# Entries provided:
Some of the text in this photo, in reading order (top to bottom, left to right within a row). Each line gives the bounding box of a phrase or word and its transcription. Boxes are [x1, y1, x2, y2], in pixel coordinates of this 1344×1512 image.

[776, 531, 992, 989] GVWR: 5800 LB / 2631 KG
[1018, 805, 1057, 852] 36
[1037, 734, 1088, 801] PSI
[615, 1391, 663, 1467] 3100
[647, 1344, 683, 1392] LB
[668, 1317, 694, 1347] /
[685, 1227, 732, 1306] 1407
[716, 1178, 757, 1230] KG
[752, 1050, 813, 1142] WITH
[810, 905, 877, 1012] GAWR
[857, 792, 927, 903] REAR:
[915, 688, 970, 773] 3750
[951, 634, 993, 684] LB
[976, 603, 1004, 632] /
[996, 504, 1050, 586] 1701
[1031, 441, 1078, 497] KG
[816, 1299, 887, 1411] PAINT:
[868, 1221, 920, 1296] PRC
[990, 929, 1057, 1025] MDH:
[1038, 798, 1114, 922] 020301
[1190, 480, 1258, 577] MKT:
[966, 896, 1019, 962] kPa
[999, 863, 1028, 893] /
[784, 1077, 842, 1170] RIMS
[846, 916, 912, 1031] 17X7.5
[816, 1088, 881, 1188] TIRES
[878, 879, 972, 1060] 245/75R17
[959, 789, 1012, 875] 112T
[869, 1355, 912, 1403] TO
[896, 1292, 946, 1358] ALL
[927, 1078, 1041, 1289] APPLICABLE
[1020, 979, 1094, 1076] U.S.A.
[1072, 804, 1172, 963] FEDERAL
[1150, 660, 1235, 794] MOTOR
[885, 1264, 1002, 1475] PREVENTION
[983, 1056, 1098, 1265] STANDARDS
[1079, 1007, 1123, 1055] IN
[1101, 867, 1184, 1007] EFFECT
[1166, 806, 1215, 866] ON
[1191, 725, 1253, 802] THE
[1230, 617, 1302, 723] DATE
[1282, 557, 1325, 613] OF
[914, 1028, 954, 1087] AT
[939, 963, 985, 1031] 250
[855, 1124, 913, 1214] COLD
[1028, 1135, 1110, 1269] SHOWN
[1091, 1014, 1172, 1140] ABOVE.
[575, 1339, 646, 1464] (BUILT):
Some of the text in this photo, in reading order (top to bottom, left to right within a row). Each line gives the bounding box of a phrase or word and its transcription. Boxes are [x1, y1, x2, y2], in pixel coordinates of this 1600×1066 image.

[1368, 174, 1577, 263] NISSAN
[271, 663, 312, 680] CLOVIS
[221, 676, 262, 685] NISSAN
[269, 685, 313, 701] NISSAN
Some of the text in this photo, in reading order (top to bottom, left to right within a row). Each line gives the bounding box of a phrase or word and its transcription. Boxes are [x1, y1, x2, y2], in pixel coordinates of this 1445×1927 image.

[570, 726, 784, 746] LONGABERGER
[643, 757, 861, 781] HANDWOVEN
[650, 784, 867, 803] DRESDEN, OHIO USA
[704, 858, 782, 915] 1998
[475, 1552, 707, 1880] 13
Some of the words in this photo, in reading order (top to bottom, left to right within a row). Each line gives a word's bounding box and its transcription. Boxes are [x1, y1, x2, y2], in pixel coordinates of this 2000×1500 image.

# Work request:
Write the entries above out again, unchanged and complete.

# Exercise output:
Some of the text in this photo, in reading order (top to bottom, left to right within a row). Each line gives the bounding box of a phrase or word and its transcription. Boxes are [x1, y1, x2, y2], in pixel coordinates of this 1344×1512 image.

[776, 531, 992, 989] GVWR: 5800 LB / 2631 KG
[1018, 805, 1057, 852] 36
[1037, 734, 1088, 801] PSI
[615, 1391, 663, 1467] 3100
[647, 1344, 683, 1392] LB
[668, 1317, 694, 1347] /
[685, 1227, 732, 1306] 1407
[716, 1178, 757, 1230] KG
[752, 1050, 813, 1142] WITH
[810, 905, 877, 1012] GAWR
[857, 792, 927, 903] REAR:
[915, 688, 970, 773] 3750
[951, 634, 993, 684] LB
[976, 603, 1004, 632] /
[996, 504, 1050, 586] 1701
[1031, 441, 1078, 497] KG
[816, 1299, 887, 1411] PAINT:
[868, 1221, 920, 1296] PRC
[990, 929, 1057, 1025] MDH:
[1038, 798, 1114, 922] 020301
[1190, 480, 1258, 577] MKT:
[966, 896, 1019, 962] kPa
[999, 863, 1028, 893] /
[784, 1077, 842, 1170] RIMS
[846, 916, 912, 1031] 17X7.5
[816, 1088, 881, 1188] TIRES
[878, 879, 972, 1060] 245/75R17
[959, 789, 1012, 875] 112T
[869, 1355, 912, 1403] TO
[896, 1292, 946, 1358] ALL
[927, 1078, 1041, 1289] APPLICABLE
[1020, 979, 1094, 1076] U.S.A.
[1072, 804, 1172, 963] FEDERAL
[1150, 660, 1235, 794] MOTOR
[885, 1264, 1002, 1475] PREVENTION
[983, 1056, 1098, 1265] STANDARDS
[1079, 1007, 1123, 1055] IN
[1101, 867, 1184, 1007] EFFECT
[1166, 806, 1215, 866] ON
[1191, 725, 1253, 802] THE
[1230, 617, 1302, 723] DATE
[1282, 557, 1325, 613] OF
[914, 1028, 954, 1087] AT
[939, 963, 985, 1031] 250
[855, 1124, 913, 1214] COLD
[1028, 1135, 1110, 1269] SHOWN
[1091, 1014, 1172, 1140] ABOVE.
[575, 1339, 646, 1464] (BUILT):
Some of the text in this photo, in reading order (top to bottom, left to right within a row). Each line gives the bounding box of a phrase or word and its transcription. Boxes are [x1, y1, x2, y2], in pixel coordinates of this 1600×1066 image.

[1368, 174, 1577, 263] NISSAN
[271, 663, 312, 680] CLOVIS
[221, 676, 262, 685] NISSAN
[269, 685, 313, 701] NISSAN
Some of the text in this photo, in reading order (top to bottom, left to right within a row). Each line gives the bounding box of a phrase or word and its transcription. Boxes are [x1, y1, x2, y2], in pixel coordinates of this 1445×1927 image.

[570, 726, 784, 746] LONGABERGER
[643, 757, 861, 781] HANDWOVEN
[650, 784, 867, 803] DRESDEN, OHIO USA
[704, 858, 782, 915] 1998
[475, 1552, 707, 1880] 13
Some of the words in this photo, in reading order (top to bottom, left to right within a row). Each line gives a word's bounding box and its transcription. Boxes are [x1, y1, x2, y2], in pixel coordinates of this 2000×1500 image.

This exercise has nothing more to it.